3077 Views 5 Replies 2 Participants Last post by  tigwelder56

I purchased a nearly new Bersa 380 Thunder Duo Tone last year from a guy that wanted to upgrade. This pistol was like new in the box and had barely been broken in. Well, I took care of that break in issue and it has been a flawless little handgun, with perhaps 400 rounds through it without fail.

Today at the range it fired just fine. I shot perhaps a 20 rounds and that's when it failed to fire. I was shooting in both DA and SA. The first round fired DA and when I went to fire the second round, the trigger pulled to the rear of the trigger well, no bang. Cleared the chamber, round ejected fine, new round fed into the chamber and the hammer remained cocked. Trigger appeared to reset but when pulled, it again failed to fire. I notice when releasing the trigger, it resets but not completely. The draw bar spring is intact and that is evidently what is returning the trigger forward. I don't know what the trigger group looks like, because I'm not sure disassembling it at this point is required.

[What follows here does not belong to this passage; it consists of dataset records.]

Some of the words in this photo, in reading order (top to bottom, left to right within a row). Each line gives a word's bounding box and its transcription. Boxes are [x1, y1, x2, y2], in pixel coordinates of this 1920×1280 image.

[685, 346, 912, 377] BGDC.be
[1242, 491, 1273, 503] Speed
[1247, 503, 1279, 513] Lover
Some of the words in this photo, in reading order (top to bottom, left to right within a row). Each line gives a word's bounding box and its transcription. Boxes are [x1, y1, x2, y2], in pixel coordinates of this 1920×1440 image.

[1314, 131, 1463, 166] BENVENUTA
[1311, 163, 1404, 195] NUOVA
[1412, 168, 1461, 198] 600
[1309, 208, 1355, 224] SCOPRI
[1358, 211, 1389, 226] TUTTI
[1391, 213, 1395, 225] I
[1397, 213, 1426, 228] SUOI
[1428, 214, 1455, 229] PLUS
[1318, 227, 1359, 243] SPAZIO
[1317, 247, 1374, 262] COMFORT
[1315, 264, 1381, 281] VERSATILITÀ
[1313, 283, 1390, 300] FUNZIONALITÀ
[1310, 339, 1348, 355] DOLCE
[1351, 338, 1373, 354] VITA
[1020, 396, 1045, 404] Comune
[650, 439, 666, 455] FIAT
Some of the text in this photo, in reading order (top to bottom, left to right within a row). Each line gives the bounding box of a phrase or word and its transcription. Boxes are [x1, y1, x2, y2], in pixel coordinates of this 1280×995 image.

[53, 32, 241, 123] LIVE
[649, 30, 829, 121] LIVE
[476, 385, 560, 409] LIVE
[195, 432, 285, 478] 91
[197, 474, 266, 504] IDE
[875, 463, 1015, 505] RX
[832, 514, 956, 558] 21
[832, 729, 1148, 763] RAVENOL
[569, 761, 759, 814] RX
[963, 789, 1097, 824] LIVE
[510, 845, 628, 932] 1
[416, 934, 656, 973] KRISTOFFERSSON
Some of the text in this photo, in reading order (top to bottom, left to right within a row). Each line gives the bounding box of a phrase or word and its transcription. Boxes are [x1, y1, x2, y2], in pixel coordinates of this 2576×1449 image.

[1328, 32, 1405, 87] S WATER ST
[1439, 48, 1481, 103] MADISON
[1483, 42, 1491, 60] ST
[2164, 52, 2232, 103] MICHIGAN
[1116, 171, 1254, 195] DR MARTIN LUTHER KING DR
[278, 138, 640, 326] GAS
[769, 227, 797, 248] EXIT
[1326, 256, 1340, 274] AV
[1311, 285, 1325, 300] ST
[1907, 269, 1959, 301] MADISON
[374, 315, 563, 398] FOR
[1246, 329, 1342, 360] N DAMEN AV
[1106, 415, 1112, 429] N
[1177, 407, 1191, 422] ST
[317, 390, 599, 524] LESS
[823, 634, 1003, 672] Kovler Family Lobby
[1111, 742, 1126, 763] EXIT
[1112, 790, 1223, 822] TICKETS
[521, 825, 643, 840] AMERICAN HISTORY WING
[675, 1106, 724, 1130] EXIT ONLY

I took the grip panels off and didn't see anything floating around in there! What I do see is what appears to be a normal sear/spring and hammer assembly. Nothing seems out of place. BUT what I do see and I apologize, but I can't find the name of this part on any schematic, so I'll try to describe it. It's the long flat bar that sits parallel and forward of the sear/spring guide. When the trigger is pulled, the Draw Bar is pulled forward and should contact this bar, disengaging it from the hammer notch, allowing it to fire. What I notice is the Draw Bar isn't reaching far enough forward to contact this bar. I can release the hammer by reaching in and pushing it forward myself. I'm not going to proceed any further and will have to take it in if the wiser man here recommends it. I'm wondering if anyone can tell me what the problem is and whether this is something I can repair. I'm good (lol) but understand limitations. If you feel this is something better for a professional, I'll defer to your better judgement. But I would like to know what the heck happened, and the part name of this bar so I can describe it to either Bersa or a local gunsmith.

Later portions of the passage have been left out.